Journal of Cardiovascular Magnetic Resonance volume 15, Article number: O70 (2013)
Background
The current "gold standard" CMR sequence for assessing myocardial oedema following STEMI is controversial. T2 Short-Tau Inversion Recovery (T2-STIR) is in widespread clinical use but can lack robustness. Steady state free precession oedema imaging (SSFP/ACUT2E) has emerging data to support it as a more reproducible method for oedema assessment. A novel T2 mapping method is also available to determine myocardial oedema. The potential benefit of this method is that the numerical output of the method is largely independent of myocardial motion, instrumental errors (e.g., surface coil normalisation methods). More recently, imaging early after gadolinium contrast administration (EGE) has been suggested as an alternative to detect myocardial oedema following STEMI. The aim of this study was to assess which of the CMR sequences for detecting myocardial oedema following STEMI is most robust.
Methods
40 patients day 2 following STEMI were prospectively enrolled into the study. All patients had 2 CMR scans on the same day at least 6 hours apart. 3 slices (basal, mid cavity and apical) were repeated using all 4 sequences, with identical FOV, slice thickness and parameters optimised. 1920 images were analysed offline by 2 observers blinded to other sequence analysis results. The images were analysed using semi-automated software, and the myocardial oedema was expressed as a mass (g). Inter-observer, intra-observer and inter-scan agreement was assessed using the Bland Altman method. Variability was calculated as 1-intraclass correlation coefficient (ICC). The difference between sequences was assessed using a 1 way ANOVA. Qualitative analysis of the infarct related artery (IRA) territory with oedema for each sequence was compared against the IRA at the time of angioplasty.
Results
The size of myocardial oedema significantly differs among the 4 sequences (p=0.0008). Bland Altman plots for inter-observer, inter-scan and intra-observer agreements were acquired for the 4 sequences. T2-STIR appears the least reproducible of the 4 techniques, with T2 mapping and EGE with the best intra, inter- observer and inter-scan agreement.
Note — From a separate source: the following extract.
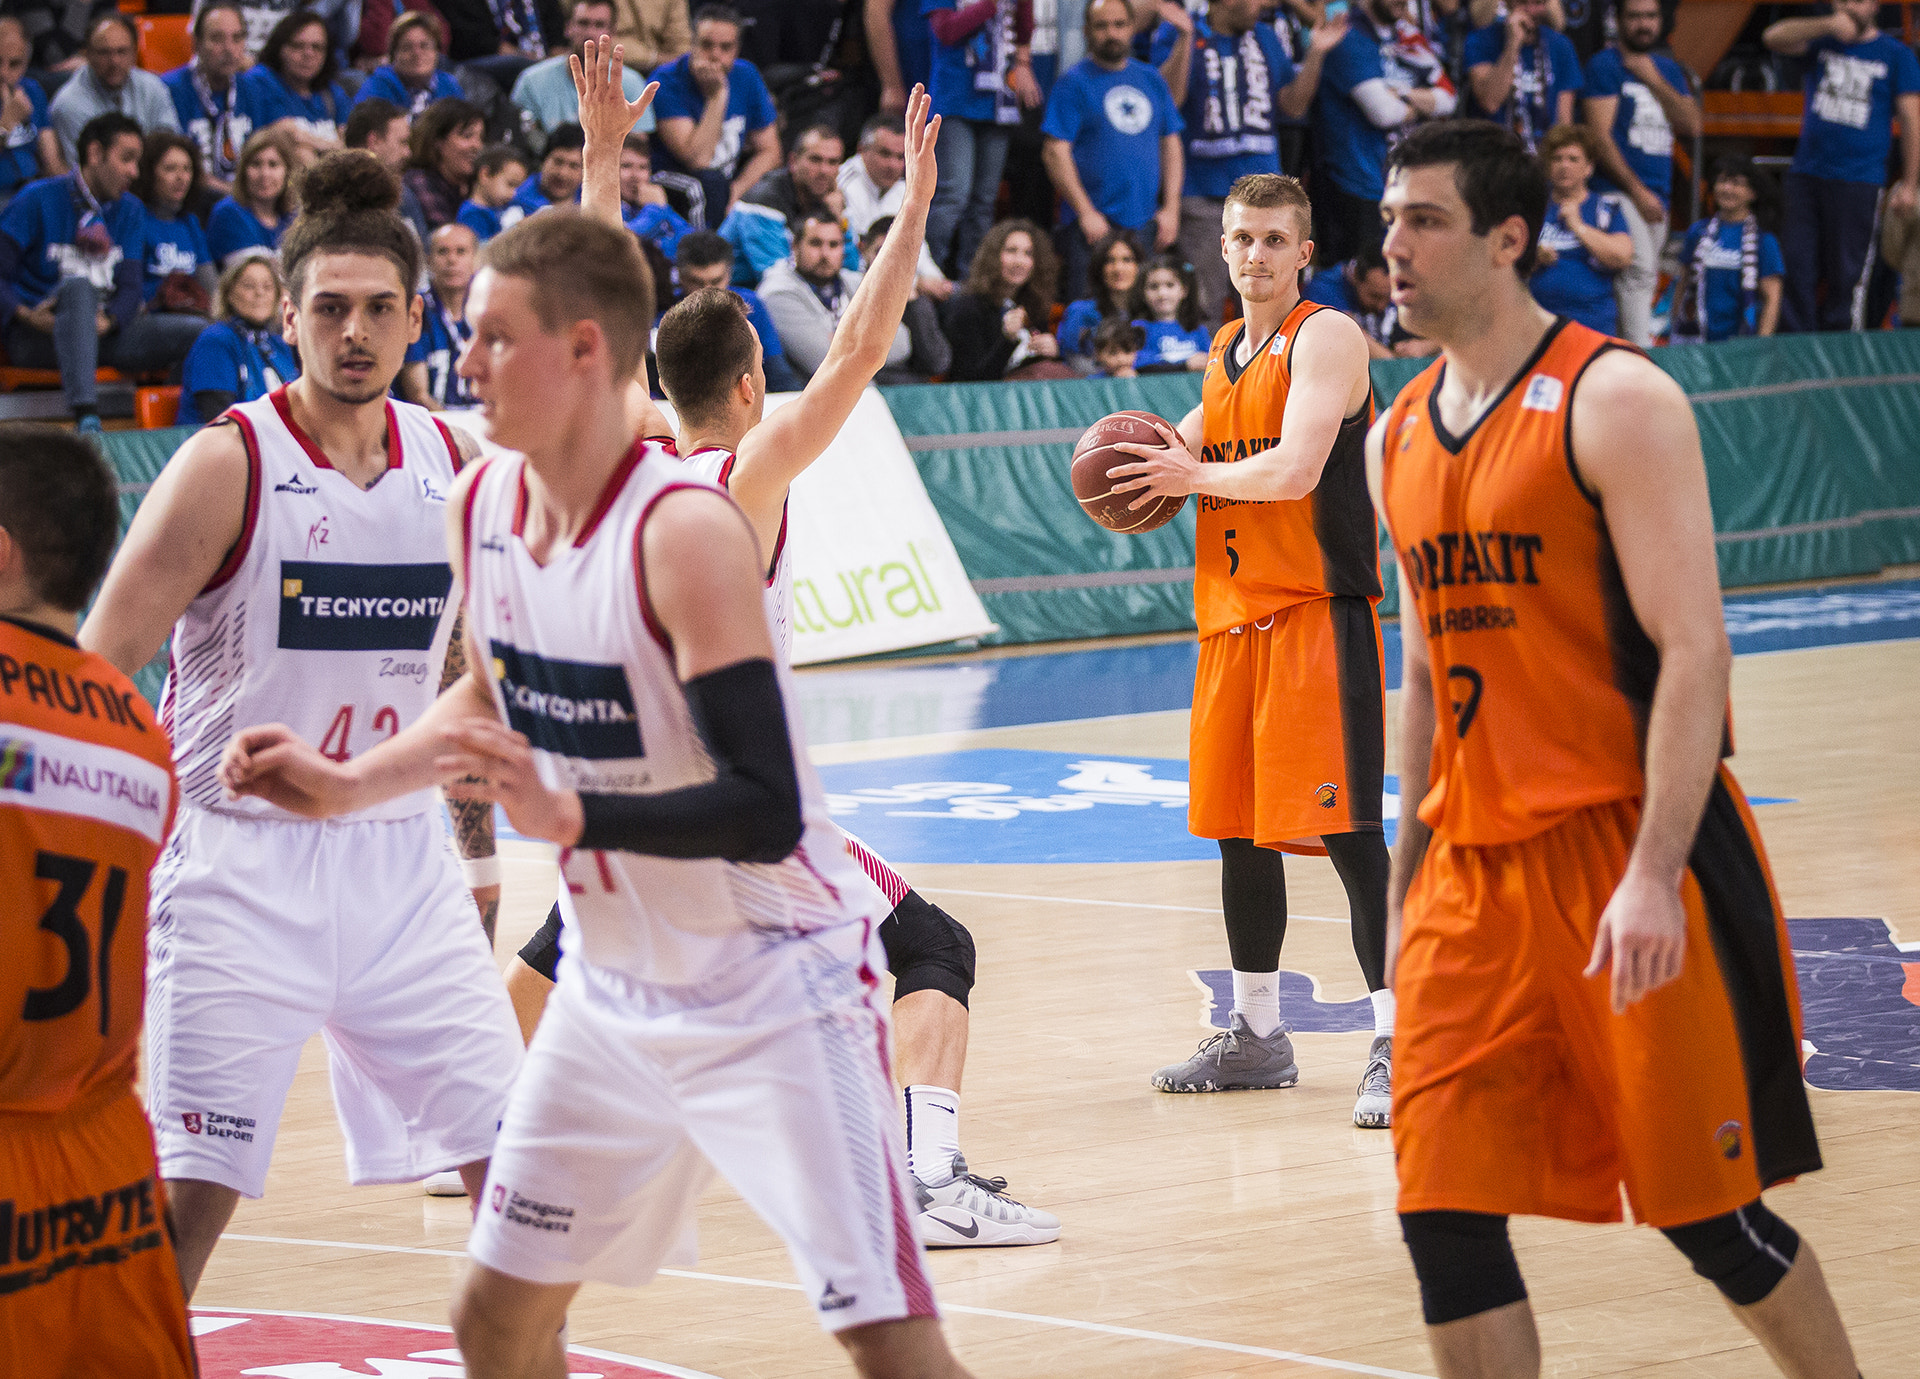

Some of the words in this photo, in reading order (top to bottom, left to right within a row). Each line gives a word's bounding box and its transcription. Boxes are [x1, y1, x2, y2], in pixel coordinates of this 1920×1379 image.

[793, 541, 942, 633] tural
[1225, 529, 1239, 577] 5
[22, 850, 128, 1037] 31
Inter-observer (T2-STIR bias -0.9 +/- 9.6; ACUT2E bias -2.5+/-6.9; T2 map bias -3.8+/-4.7; EGE bias -5.3+/-5.9).
Inter-scan (T2-STIR bias 1.5+/-5.8; ACUT2E bias -0.8+/-4.9; T2 map bias 3.1+/-4.0; EGE bias 1.1+/-4.9).
Intra-observer (T2-STIR bias 1.4+/-5.8; ACUT2E bias 0.6+/-4.7; T2 map bias 2.2+/-3.1, EGE bias 1.7+/-2.9).
Variability was lowest for T2 mapping, followed by EGE (Figure 2).
On qualitative analysis, the correct IRA was identified in 83% cases by T2-STIR, 98% by T2 map, 88% by ACUT2E and 95% by EGE.
Conclusions
The limitations of T2-STIR are well documented. This is the first study that systematically compared all available techniques to determine the most robust sequence for measuring myocardial oedema following STEMI. This study demonstrates that T2 mapping and EGE are robust methods to be used for surrogate endpoints in clinical studies.
Funding
This work is funded by the NIHR Bristol Cardiovascular Biomedical Research Unit.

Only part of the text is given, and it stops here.